In the station's early years announcers and hosts came and went, mostly because of the measly pay and lack of job security. Bill Plante left town and is now with CBS News; Marty Robinson moved over to WFMT and later WTTW TV. Only rarely was anyone fired. Today employees seldom leave. Many of the 14 full-timers and 6 part-timers have been around for more than 20 years, including music director Miller Peters and DJs Fred Heft, Bruce Duffie, and Ken Alexander.

Sonia Florian, then Sonia Atzeff, arrived in 1958 to give the chaotic operation some order, since Bill Florian had been devoting much of his time to the technical side. She didn't have any experience as a manager, but then the job didn't pay much. "I was studying at Chicago Musical College at Roosevelt hoping to become an opera singer," she recalls, "but I quickly realized that I didn't have the talent. Besides, I'd decided to cast my lot with Bill. He was convinced FM would succeed. And I was head over heels in love with him. He was so nice looking with those piercing blue eyes--you know how this sort of infatuation happens to people in their 20s." They were married nine years later when she finally forced the issue by refusing to go with him on a cross-country trip unless they got married. "I'm old-fashioned that way," she says matter-of-factly. "I didn't think it right for a single woman to travel on the road with a single man."

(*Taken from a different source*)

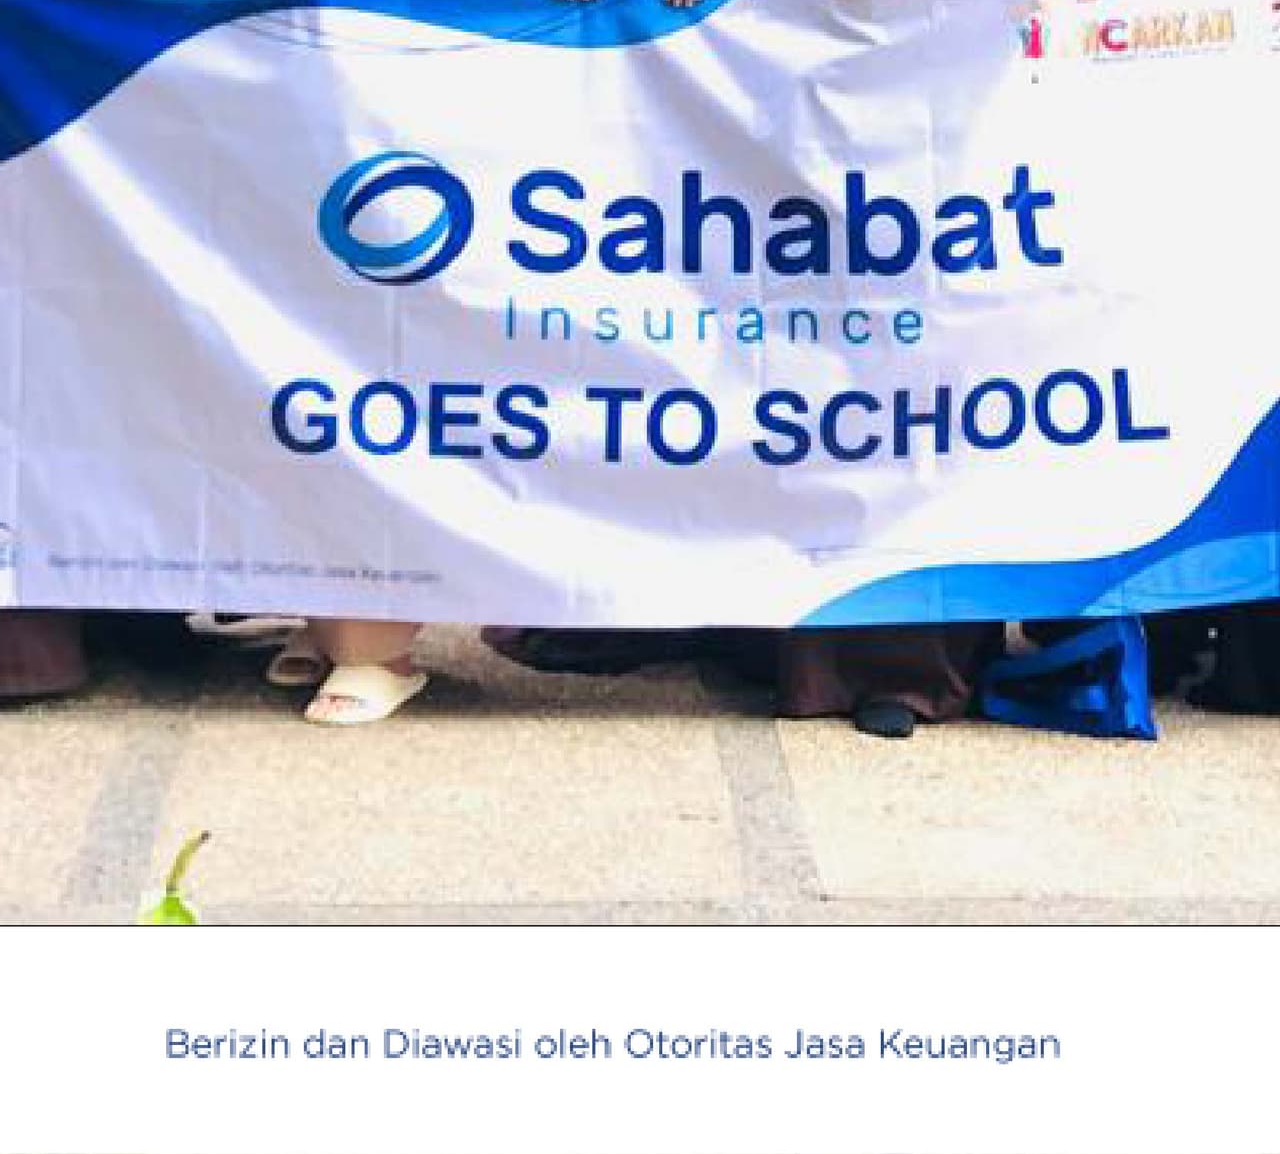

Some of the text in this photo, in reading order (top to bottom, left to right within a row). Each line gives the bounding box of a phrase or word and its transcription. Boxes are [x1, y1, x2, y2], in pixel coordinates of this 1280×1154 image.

By then Bill had bought out his equity partners and become the sole owner of the station--which he still is--and she was entrenched as the manager, one of only a handful of women decision makers in the industry. Sonia had always been passionate about mainstream classical music. "I can listen to Verdi all day and not be tired of it," she says. "If I didn't have to program for an audience, I'd probably play opera and ballet music all the time." As the station gradually added more on-air hours, she made sure they were filled with classical music, and by the early 60s almost all the hours were classical. Always on the lookout for congenial, authoritative hosts, she snatched up Karl Haas's popular middlebrow show Adventures in Good Music in 1975, and she turned the dinner hour over to excerpts from the 18th- and 19th-century European repertory, a show called Zephyr.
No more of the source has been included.